The Philippine Stock Exchange Index sank 114.39 points, or 1.7 percent, to 6,770.38 on a value turnover of P5.9 billion. Losers overwhelmed gainers, 138 to 45, with 38 issues unchanged.

Metropolitan Bank & Trust Co., the the second-biggest lender in terms of assets, fell 5.4 percent to P53, while First Gen Corp. of the Lopez Group slumped 10 percent to P14.80.

Conglomerate Ayala Corp. skidded 4.6 percent to P645.50, but Metro Pacific Investment Corp., which is into toll roads, water and electricity distribution hospitals and infrastructure, rose 5.2 percent to P3.62.

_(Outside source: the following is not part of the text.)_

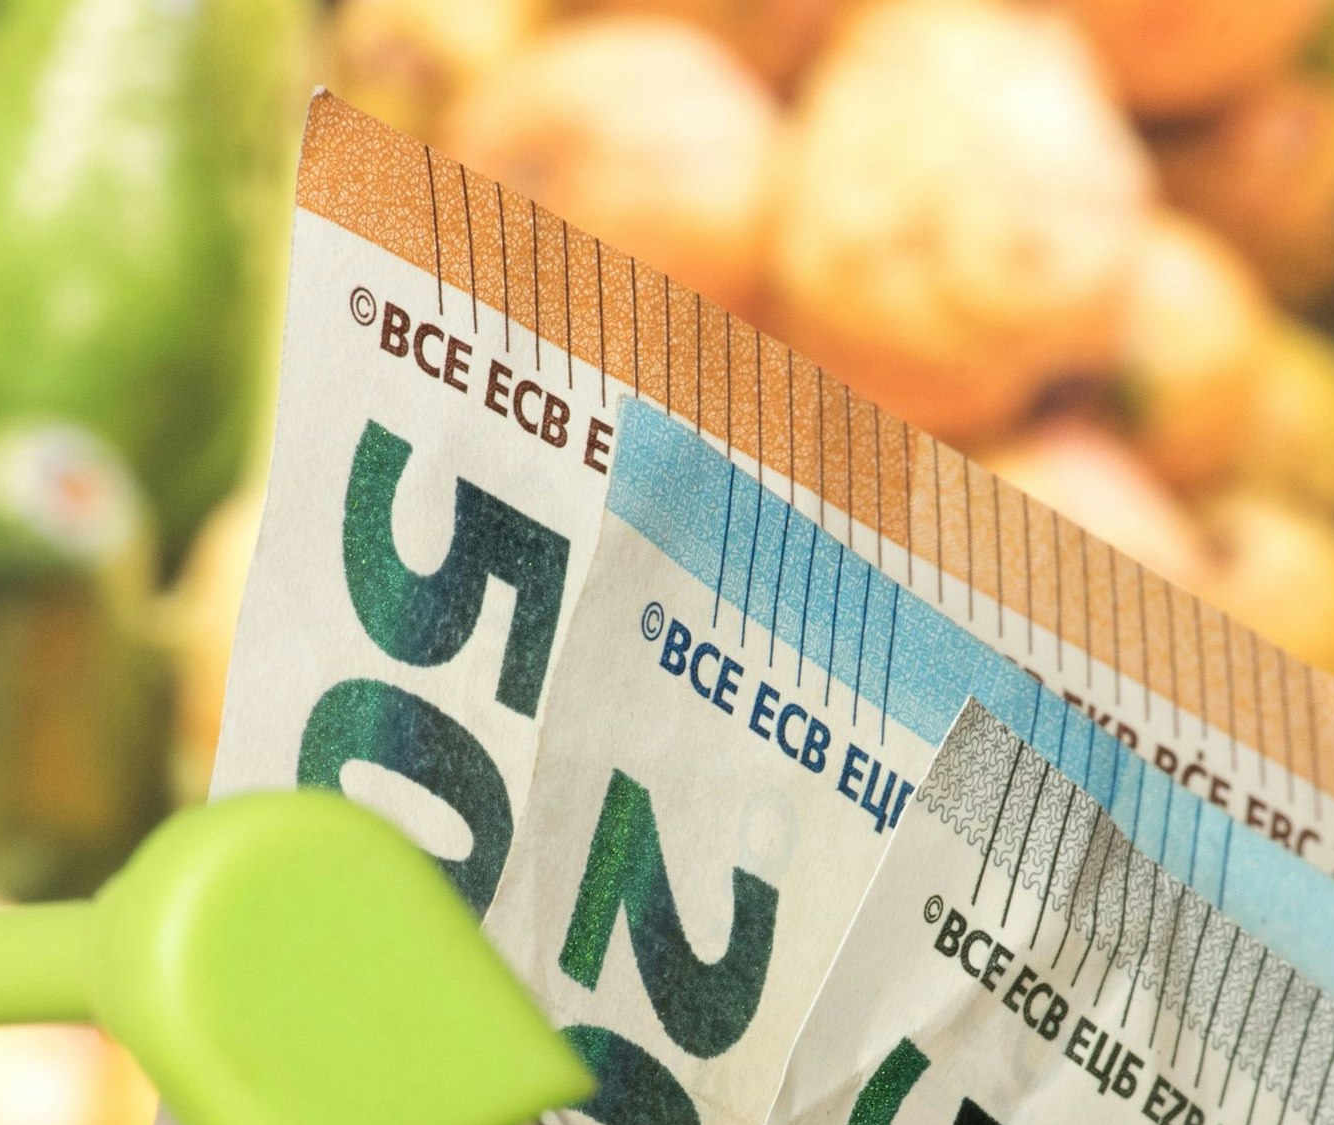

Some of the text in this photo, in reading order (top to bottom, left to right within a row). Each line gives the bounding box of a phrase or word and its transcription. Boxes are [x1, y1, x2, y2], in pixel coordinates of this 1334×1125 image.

[484, 359, 571, 449] ECB
[749, 681, 832, 774] ECB
[1002, 965, 1070, 1043] ECB

While governments and central banks have unleashed or prepared to roll out stimulus measures, the rapid spread of the disease and rising death toll are putting a strain on economies and stoking concerns of a worldwide recession.

And with no end seemingly in sight—almost 100,000 people in 85 countries have now been infected—investors are fleeing out of risk assets such as stocks and into safe havens including the yen and gold.

“All we know now is that we don’t really understand what’s going to happen next,” Michael Shaoul, head of Marketfield Asset Management, told Bloomberg TV.

“It’s probably four, six, eight weeks before we’re going to have any useful information as to what the trajectory of the virus is and what the actual economic fallout looks like.”

The epidemic has wreaked havoc on international business, tourism, schools and sports events, and the World Health Organization raised concerns about how the outbreak was being handled.

On Friday S&P Global warned that the crisis could wipe $211 billion off Asia-Pacific GDP this year and send growth to just 4.0 percent, its weakest since the financial crisis.

Tokyo ended the day down 2.7   percent, while Shanghai fell 1.2 percent and Hong Kong shed 2.4 percent in late trade.  

Sydney, Seoul, Bangkok and Jakarta all lost more than two percent, while Singapore, Wellington and Taipei were more than one percent down.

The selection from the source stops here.